==== Records provided

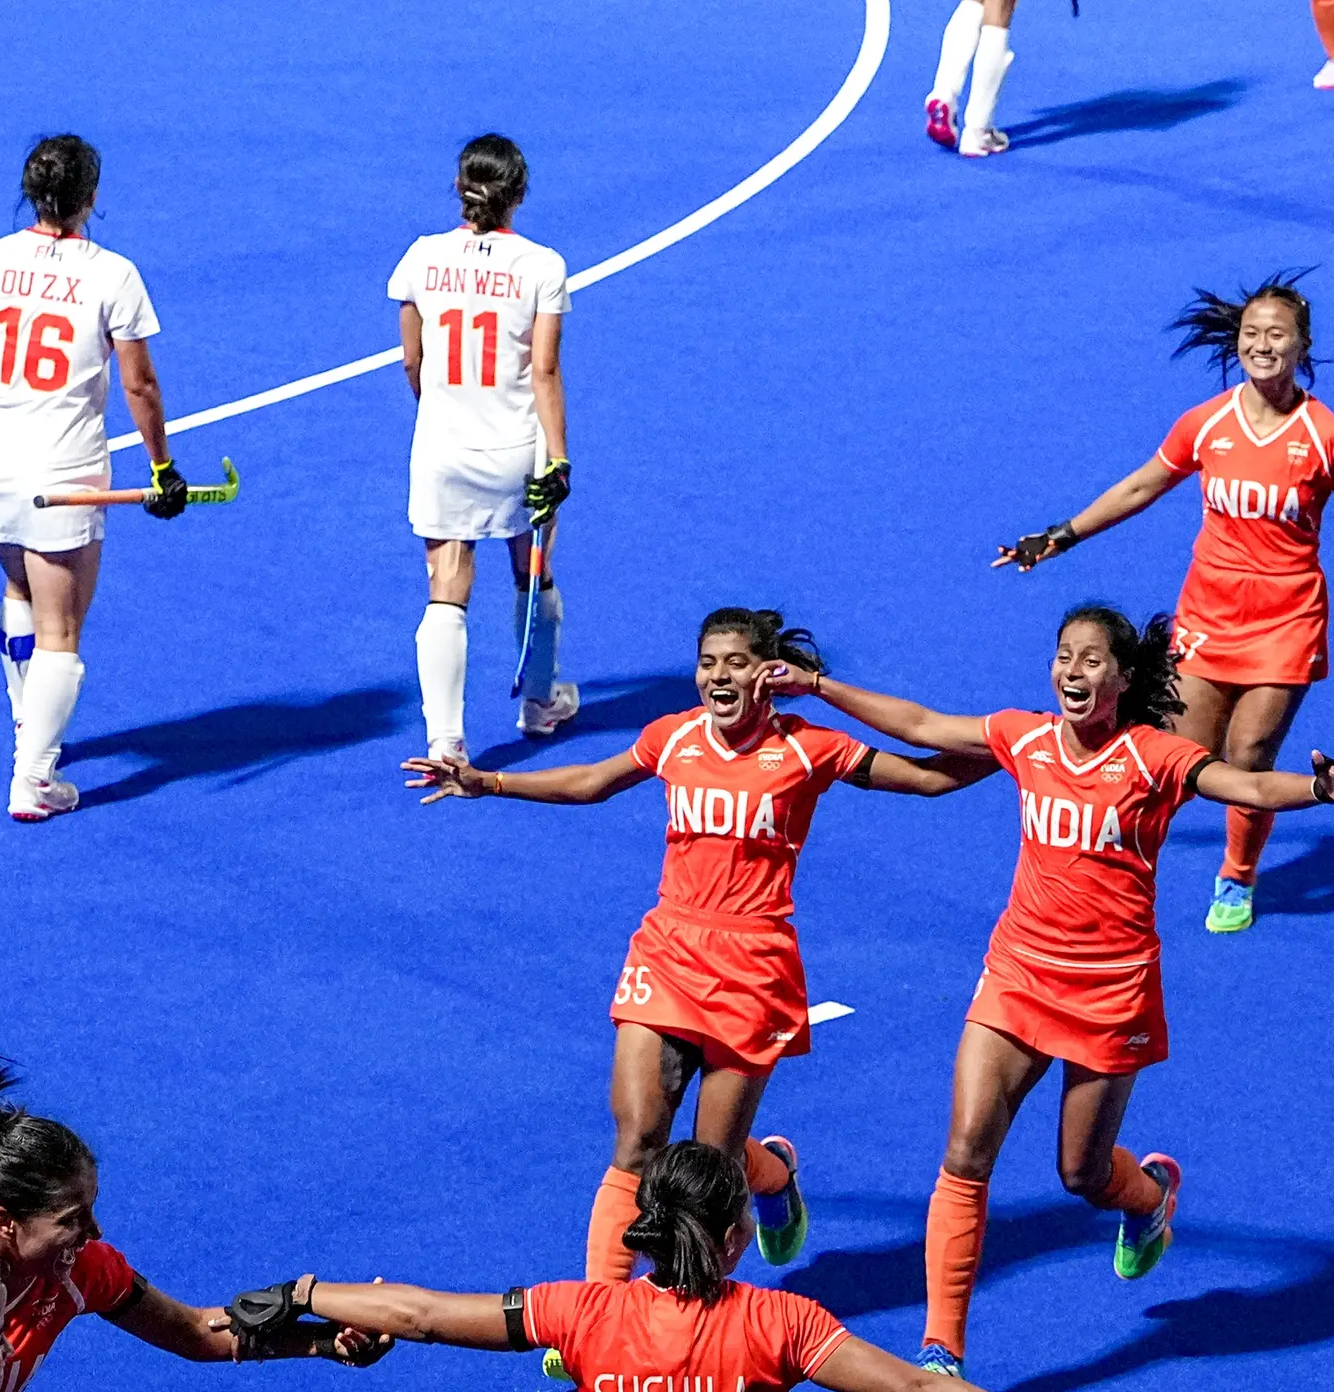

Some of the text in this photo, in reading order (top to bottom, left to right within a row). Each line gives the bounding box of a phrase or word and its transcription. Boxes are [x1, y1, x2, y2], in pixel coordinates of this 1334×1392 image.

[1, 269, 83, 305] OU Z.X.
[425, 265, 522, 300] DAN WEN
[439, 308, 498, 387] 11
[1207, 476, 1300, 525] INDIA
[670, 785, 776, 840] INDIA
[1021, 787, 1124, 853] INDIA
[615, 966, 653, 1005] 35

========
==== Records provided

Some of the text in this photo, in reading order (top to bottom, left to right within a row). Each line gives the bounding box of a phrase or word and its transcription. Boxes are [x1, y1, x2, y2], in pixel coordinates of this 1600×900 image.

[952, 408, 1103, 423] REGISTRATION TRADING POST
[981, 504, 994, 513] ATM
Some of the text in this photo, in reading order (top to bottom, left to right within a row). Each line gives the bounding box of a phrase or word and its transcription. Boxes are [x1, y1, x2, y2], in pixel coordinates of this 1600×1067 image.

========

## [Directions for this task]
Nothing but the lines above from the one containing "this 1600×900 image." through the one containing "this 1600×1067 image." should appear in the answer, each repeated exactly.

## [Exercise result]
Some of the text in this photo, in reading order (top to bottom, left to right within a row). Each line gives the bounding box of a phrase or word and its transcription. Boxes are [x1, y1, x2, y2], in pixel coordinates of this 1600×900 image.

[952, 408, 1103, 423] REGISTRATION TRADING POST
[981, 504, 994, 513] ATM
Some of the text in this photo, in reading order (top to bottom, left to right within a row). Each line gives the bounding box of a phrase or word and its transcription. Boxes are [x1, y1, x2, y2], in pixel coordinates of this 1600×1067 image.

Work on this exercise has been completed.